Investigation of the effects of plant phenolic oleuropein on expression levels of xenobiotic metabolizing enzymes along with potential cytotoxic and genotoxic impact on human colon cancer cell line HT-29


Tezin Türü: Yüksek Lisans

Tezin Yürütüldüğü Kurum: Orta Doğu Teknik Üniversitesi, Fen Edebiyat Fakültesi, Biyolojik Bilimler Bölümü, Türkiye

Tezin Onay Tarihi: 2018

Tezin Dili: İngilizce

Öğrenci: EZGİ DURMUŞ

Danışman: Orhan Adalı

Özet:

Colon cancer is one of the major health problems causing malignancies and is frequently encountered in developed western countries. Today, in the treatment of colon cancer, several methods are used, mostly with adverse effects. In order to reduce the consequences of side effects usage of natural or artificial anti-cancer molecules is a serious topic in the cancer research area. Scientists began to perform research to find anti-carcinogenic phytochemicals and xenobiotics with anti-carcinogenic potentials.

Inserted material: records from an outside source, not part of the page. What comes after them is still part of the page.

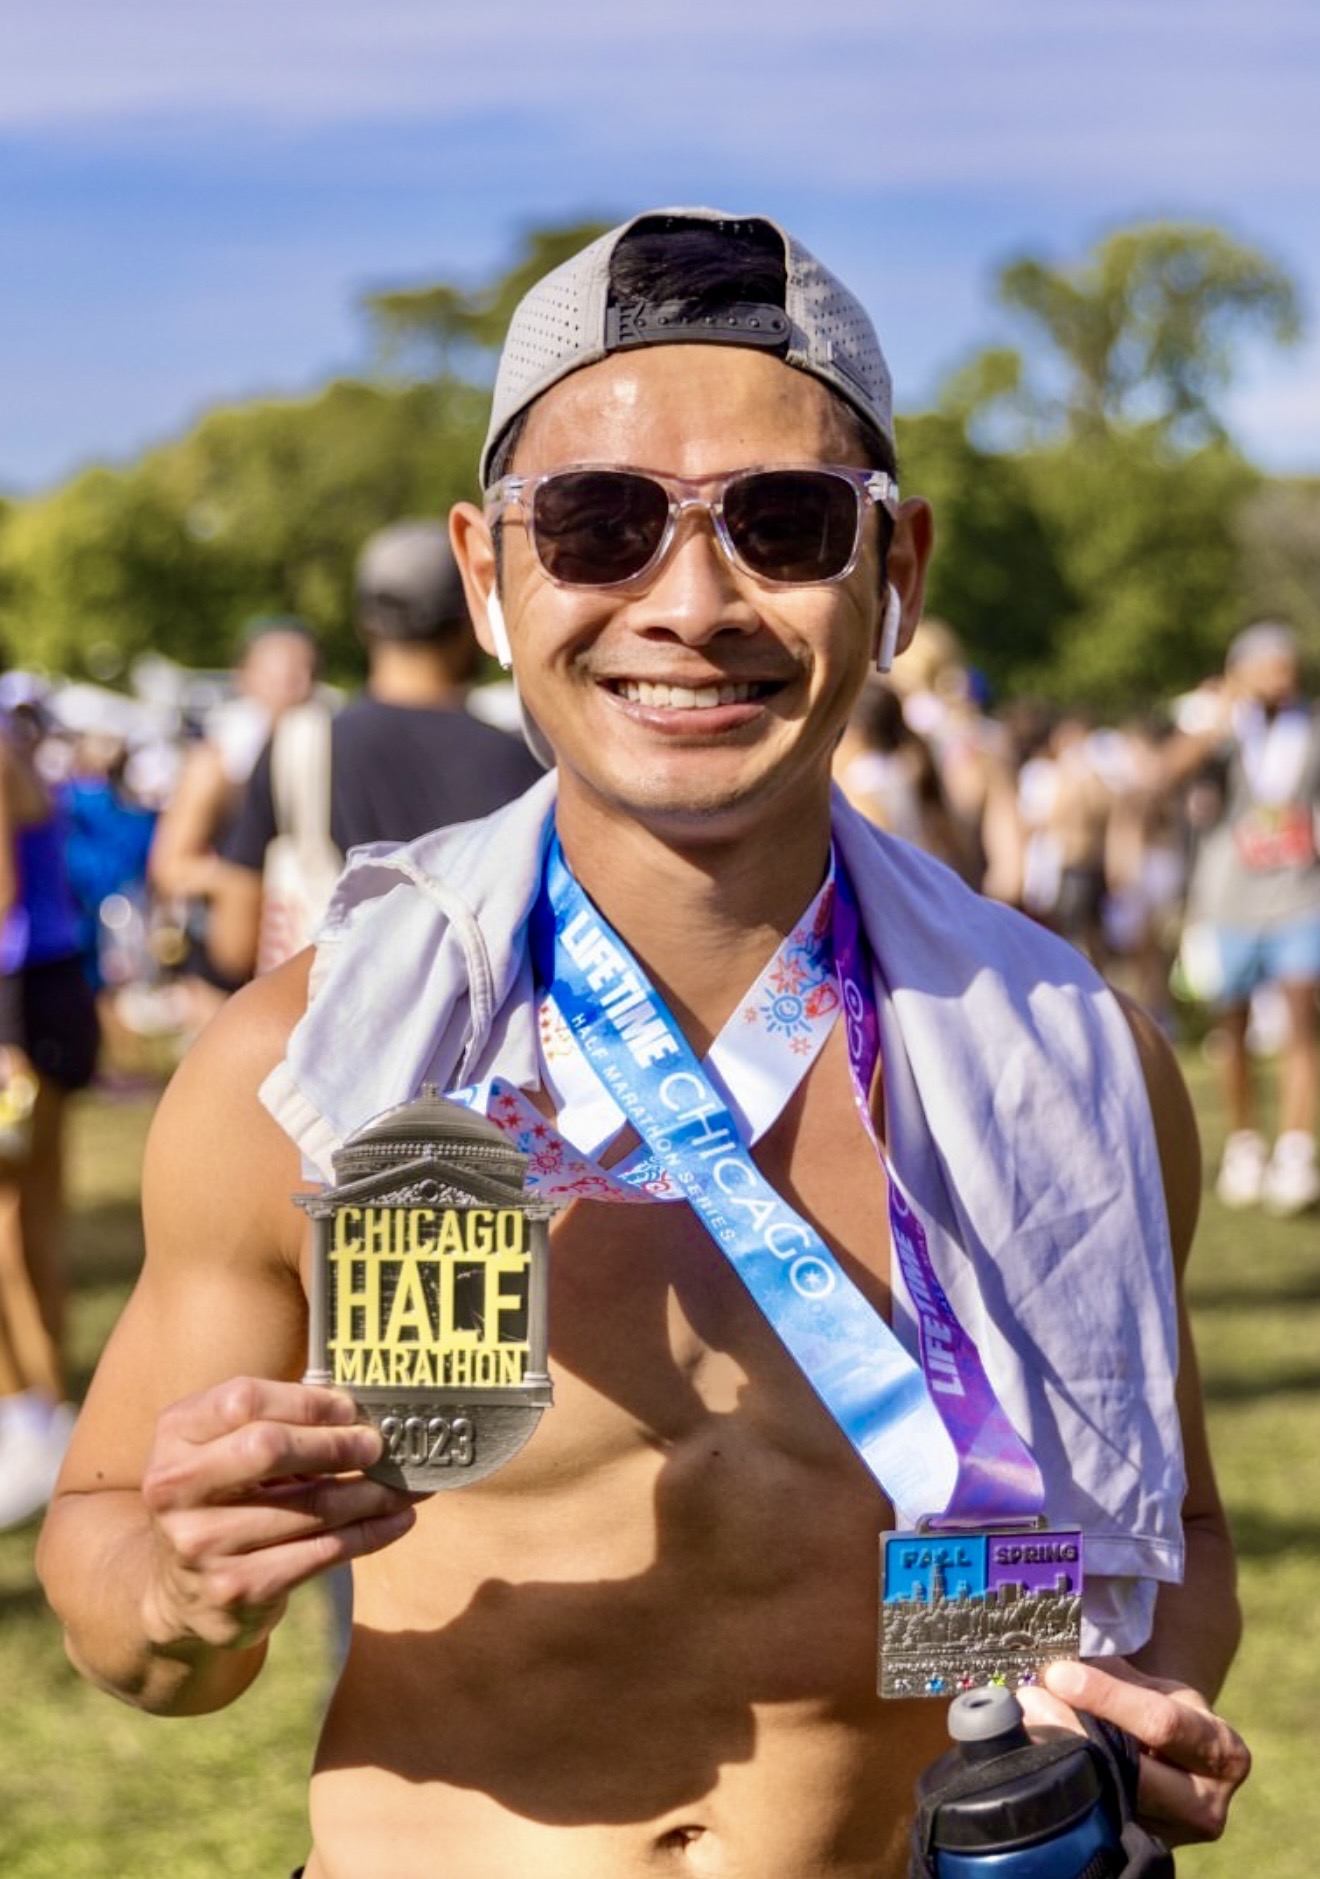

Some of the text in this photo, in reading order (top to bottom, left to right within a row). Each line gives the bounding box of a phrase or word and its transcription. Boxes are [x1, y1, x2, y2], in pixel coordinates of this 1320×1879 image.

[571, 1012, 736, 1242] HALF MARATHON SERIES
[659, 1071, 837, 1299] CHICAGO
[335, 1207, 524, 1254] CHICAGO
[331, 1253, 530, 1349] HALF
[335, 1349, 524, 1387] MARATHON
[380, 1415, 477, 1467] 2023
[903, 1549, 972, 1569] FALL
[994, 1543, 1079, 1566] SPRING

Until now, at least five thousands phenolic compounds have been described and oleuropein is one of the substantial phenolic compounds whose effects were determined on formation of cancer cells. In the light of this information, this study was aimed to identify potential oleuropein effects on colon cancer cell proliferation, DNA damage formation and protein expressions of CYP1A1, GSTM1 and NQO1 enzymes at in vitro level. In order to achieve goals of this study, HT-29 colon cancer cells were grown and treated with increasing oleuropein doses, and IC50 value was determined as 600 µM. Effects of oleuropein on DNA damage formation and protein expressions were studied by Comet assay and Western Blotting, respectively. Oleuropein treatment caused decrease in protein expression levels of CYP1A1, GSTM1 and NQO1 enzymes. Oleuropein also caused increase in DNA damages of the colon cancer cells in a dose dependent manner. In conclusion, the results of this study showed that oleuropein inhibits the proliferation of colon carcinoma cells by affecting the DNA damage formation and protein expression of CYP1A1, GSTM1 and NQO1 enzymes.